Twitter Data is crawled and nested upto 6th level. Many columns are repeated at root level or within the nested level. The data is provided as below,

root
 |-- contributors: string (nullable = true)
 |-- coordinates: string (nullable = true)
 |-- created_at: string (nullable = true)
 |-- entities: struct (nullable = true)
 |    |-- hashtags: array (nullable = true)
 |    |    |-- element: string (containsNull = true)
 |    |-- media: array (nullable = true)
 |    |    |-- element: struct (containsNull = true)
 |    |    |    |-- additional_media_info: struct (nullable = true)
 |    |    |    |    |-- description: string (nullable = true)
 |    |    |    |    |-- embeddable: boolean (nullable = true)
 |    |    |    |    |-- monetizable: boolean (nullable = true)
 |    |    |    |    |-- title: string (nullable = true)
 |    |    |    |-- display_url: string (nullable = true)
 |    |    |    |-- expanded_url: string (nullable = true)
 |    |    |    |-- id: long (nullable = true)
 |    |    |    |-- id_str: string (nullable = true)
 |    |    |    |-- indices: array (nullable = true)
 |    |    |    |    |-- element: long (containsNull = true)
 |    |    |    |-- media_url: string (nullable = true)
 |    |    |    |-- media_url_https: string (nullable = true)
 |    |    |    |-- sizes: struct (nullable = true)
 |    |    |    |    |-- large: struct (nullable = true)
 |    |    |    |    |    |-- h: long (nullable = true)
 |    |    |    |    |    |-- resize: string (nullable = true)
 |    |    |    |    |    |-- w: long (nullable = true)
 |    |    |    |    |-- medium: struct (nullable = true)
 |    |    |    |    |    |-- h: long (nullable = true)
 |    |    |    |    |    |-- resize: string (nullable = true)
 |    |    |    |    |    |-- w: long (nullable = true)
 |    |    |    |    |-- small: struct (nullable = true)
 |    |    |    |    |    |-- h: long (nullable = true)
 |    |    |    |    |    |-- resize: string (nullable = true)
 |    |    |    |    |    |-- w: long (nullable = true)
 |    |    |    |    |-- thumb: struct (nullable = true)
 |    |    |    |    |    |-- h: long (nullable = true)
 |    |    |    |    |    |-- resize: string (nullable = true)
 |    |    |    |    |    |-- w: long (nullable = true)
 |    |    |    |-- source_status_id: long (nullable = true)
 |    |    |    |-- source_status_id_str: string (nullable = true)
 |    |    |    |-- source_user_id: long (nullable = true)
 |    |    |    |-- source_user_id_str: string (nullable = true)
 |    |    |    |-- type: string (nullable = true)
 |    |    |    |-- url: string (nullable = true)
 |    |-- symbols: array (nullable = true)
 |    |    |-- element: string (containsNull = true)
 |    |-- urls: array (nullable = true)
 |    |    |-- element: struct (containsNull = true)
 |    |    |    |-- display_url: string (nullable = true)
 |    |    |    |-- expanded_url: string (nullable = true)
 |    |    |    |-- indices: array (nullable = true)
 |    |    |    |    |-- element: long (containsNull = true)
 |    |    |    |-- url: string (nullable = true)
 |    |-- user_mentions: array (nullable = true)
 |    |    |-- element: struct (containsNull = true)
 |    |    |    |-- id: long (nullable = true)

I can not understand the meaning of few of the columns.
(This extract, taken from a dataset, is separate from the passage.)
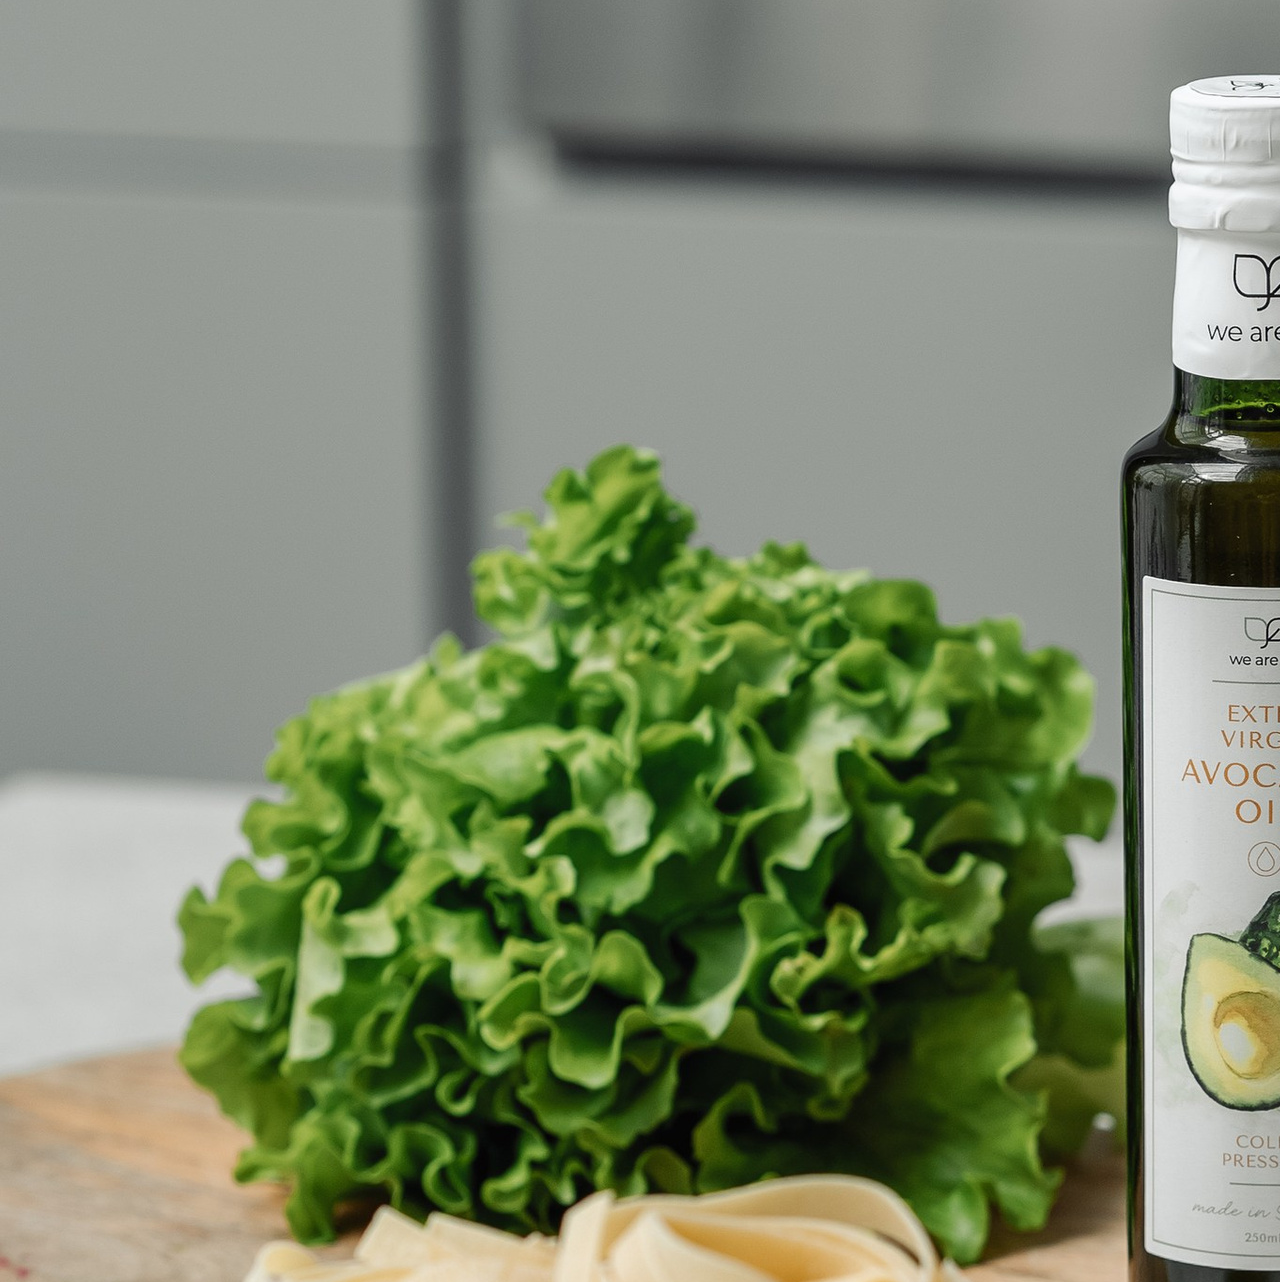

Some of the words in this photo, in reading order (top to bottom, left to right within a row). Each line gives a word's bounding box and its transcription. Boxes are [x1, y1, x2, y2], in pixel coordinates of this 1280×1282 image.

If possible explain by taking the reference from root level because the columns inside the deep level are repeated.

Generally we understand the meaning of data columns, but when it is repeated in different context in same database (from different root level) then it is cumbersome to understand the meaning. Hope I will get the proper answer.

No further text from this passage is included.